For Autograph's project Care | Contagion | Community — Self & Other, we commissioned ten UK-based visual artists to create new bodies of work in response to the wider context of the global pandemic. We then invited ten writers – each paired with one of the artists – to produce a short reflective essay contextualising these new artworks made.
For his artist commission Blind, but I can See (2020), Othello De'Souza-Hartley used film, photography and painting to reflect on absence and presence, the loss of his father, and his search for stillness in the everyday.
Below, Raymond Antrobus considers ideas around loss, and how time and grief intersect, both in De’Souza-Hartley's work, and his own experiences.
The white crumpled bed, the hat, the light, the book and the long brown legs. The most present thing in photographs like these is the absence. Reflecting on the still and moving images in Othello De’Souza-Hartley’s new series entitled Blind, but I can See the gaze is fixed on the green shadowy leaves in the wind. I find myself drawn to an invisible element here. Time. How we experience time is subjective. While watching the film, do you feel serene, calm, patient, accepting or something else?

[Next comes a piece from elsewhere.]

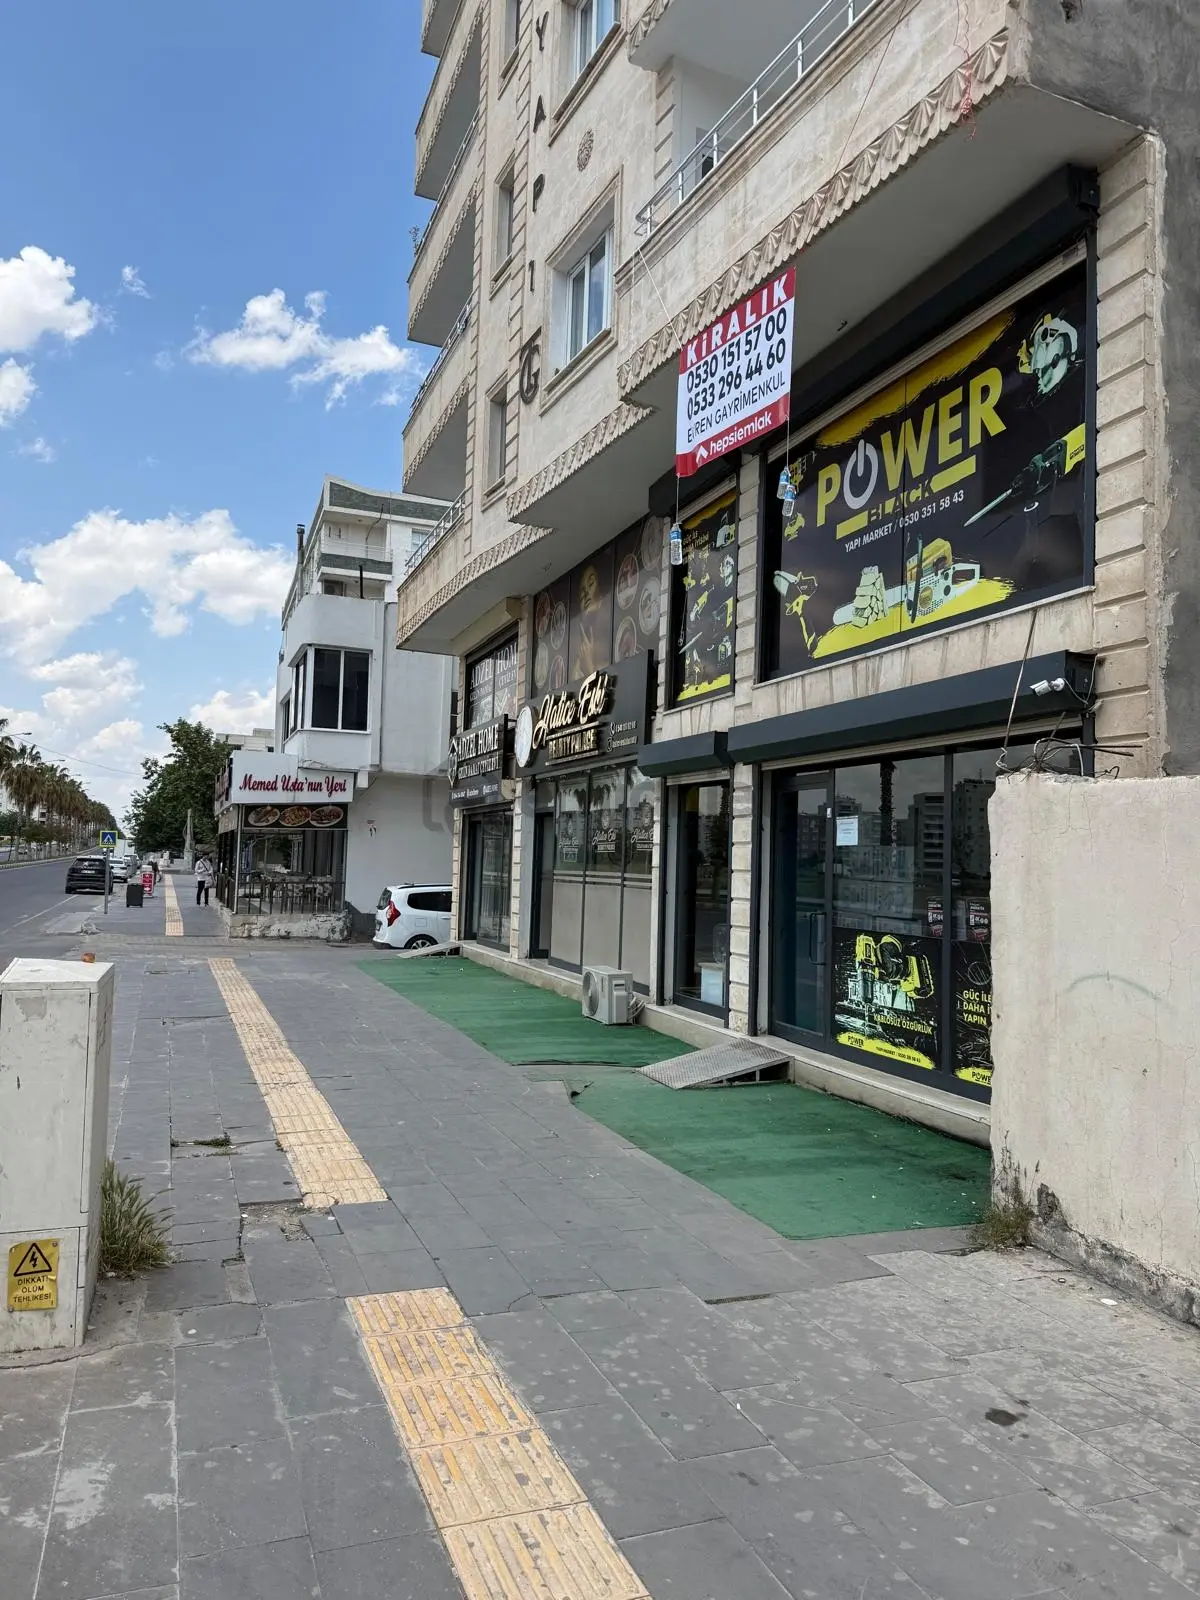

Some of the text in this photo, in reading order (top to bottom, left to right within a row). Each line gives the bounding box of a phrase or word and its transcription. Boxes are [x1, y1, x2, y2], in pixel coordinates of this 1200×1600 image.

We know that grief changes your sense of time, but it also changes your sense of seeing. I lost my father five years ago. At this point my relationship with grief has changed shape. Longing for your dead, your eyes fill them into empty chairs and beds and garden paths like the ones captured in Othello De’Souza-Hartley’s still lifes, moving image works and self-portraits made for Autograph’s Care | Contagion | Community – Self & Other artist commissions. I see the bed, the chair, the window, the book – and each of these objects becomes an invitation to contemplate or dream.
I occasionally dream of my father and I emerge from those dreams more grounded because I would wake thinking he was still with me, then I would be reminded that he is gone, transitioned into another realm. I write about my father often. Below is the first poem I wrote the week he died.
It is not him walking
up the road in that green,
but you follow his oak face
into the garden where his voice
is still slowly growing spaces
too wide without him.
The air is not his blue coat,
His coat is dust and wood smoke.
Hold your tremble
The man walking the road Is not
What is different about the shape of this grief is that the pandemic (although unstated) is reflected in De’Souza-Hartley’s images. Millions of people around the world are currently grieving a loved one lost to Covid-19. Funerals are now taking place online and so are therapy sessions. Mourners are left with trying to re-strategise their own counselling. These images enable us to connect with our own loss and may be comforting to those seeking solace, or a place to reflect, process and listen to yourself in the world and away from it. Because the images are quiet, the doors are closed, the curtains are open, the garden is fenced, an intimacy is created. Despite the ‘emptiness’ of the spaces, there is a ‘lived in’ quality to the images, a setting that is lonesome but not lonely.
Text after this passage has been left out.